= Herb Cohen =

American music executive (1932-2010)

Herbert Cohen (December 30, 1932 - March 16, 2010) was an American personal manager, record company executive, and music publisher based in Los Angeles during the 1960 and 1970s. He was known as the manager of Alice Cooper, Linda Ronstadt, Frank Zappa, Tim Buckley, Odetta, Tom Waits, George Duke, and the Turtles featuring Flo & Eddie. He also managed the all-female band Fanny in the late 1960s and got them signed to Warner Bros. after a performance at the Troubadour.

==Life and career==

Cohen was born in New York. After a period in the army in 1952, he moved to Los Angeles in the mid-1950s, and started to put on concerts with folk singers such as Pete Seeger and Odetta. He began running coffee bars and folk clubs, such as the Unicorn and Cosmo Alley, during the late 1950s and early 1960s. Cohen also managed singer Judy Henske and comedian Lenny Bruce.
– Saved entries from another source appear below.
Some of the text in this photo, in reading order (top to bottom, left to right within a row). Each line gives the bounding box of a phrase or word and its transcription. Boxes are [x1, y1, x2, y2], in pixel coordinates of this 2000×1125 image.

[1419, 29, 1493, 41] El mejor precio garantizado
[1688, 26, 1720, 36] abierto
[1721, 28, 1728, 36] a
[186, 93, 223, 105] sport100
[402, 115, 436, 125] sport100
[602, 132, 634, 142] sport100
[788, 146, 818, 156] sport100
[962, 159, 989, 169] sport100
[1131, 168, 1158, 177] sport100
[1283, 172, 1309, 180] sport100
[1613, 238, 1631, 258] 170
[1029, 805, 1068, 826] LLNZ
He was best known as the manager of Frank Zappa and the Mothers of Invention from 1965, arranging their first club dates and, after encouraging record producer Tom Wilson to see them perform, securing their first record deal. He and Zappa went on to set up and jointly own the Straight, Bizarre, and Discreet record labels. After a ten-year association, he and Zappa parted company amid litigation in 1976. Zappa claimed that Cohen and his brother Martin "Mutt" Cohen, a music lawyer, were profiting unduly from his earnings, and Cohen counter-sued, claiming that Zappa had taken his album Zoot Allures directly to Warner Bros. contrary to a contract between them.
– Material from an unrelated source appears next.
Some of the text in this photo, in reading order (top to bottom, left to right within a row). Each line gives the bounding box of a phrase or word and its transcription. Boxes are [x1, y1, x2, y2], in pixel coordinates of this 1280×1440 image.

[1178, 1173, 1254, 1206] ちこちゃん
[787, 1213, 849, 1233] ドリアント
He also handled Montreux Jazz Festival tours of Japan and the US, and produced the US portion of the Nelson Mandela concert in Wembley Stadium upon Mandela's release. Cohen managed Tom Waits until 1982, and, after that time, his main management client was jazz musician George Duke. Cohen reactivated the Bizarre and Straight labels in 1988, calling it "Bizarre/Straight Records," which was distributed by Enigma Records, and, later, Rhino Records. Bizarre/Straight released early recordings of both Waits and Tim Buckley. Some of the Bizarre/Straight releases were later released by Manifesto Records, a label formed in 1995 and run by his nephew, Evan Cohen, who is also a music industry lawyer.

In 1989–91, Cohen managed the Russian rock group Autograph (who appeared at Live Aid for Africa) and oversaw the recording of their debut American album Tear Down the Border, produced by Robert Duffey and released in 1991 on the Bizarre/Straight label, distributed by Rhino Records.

In 2009, Cohen filed suit for libel against British journalist Barney Hoskyns and his publisher, Random House, Inc., with regard to statements in Hoskyns' book Lowside of the Road: A Life of Tom Waits.

==Death==
Cohen died in 2010, in Napa, California, of complications from cancer. He was 77 years old.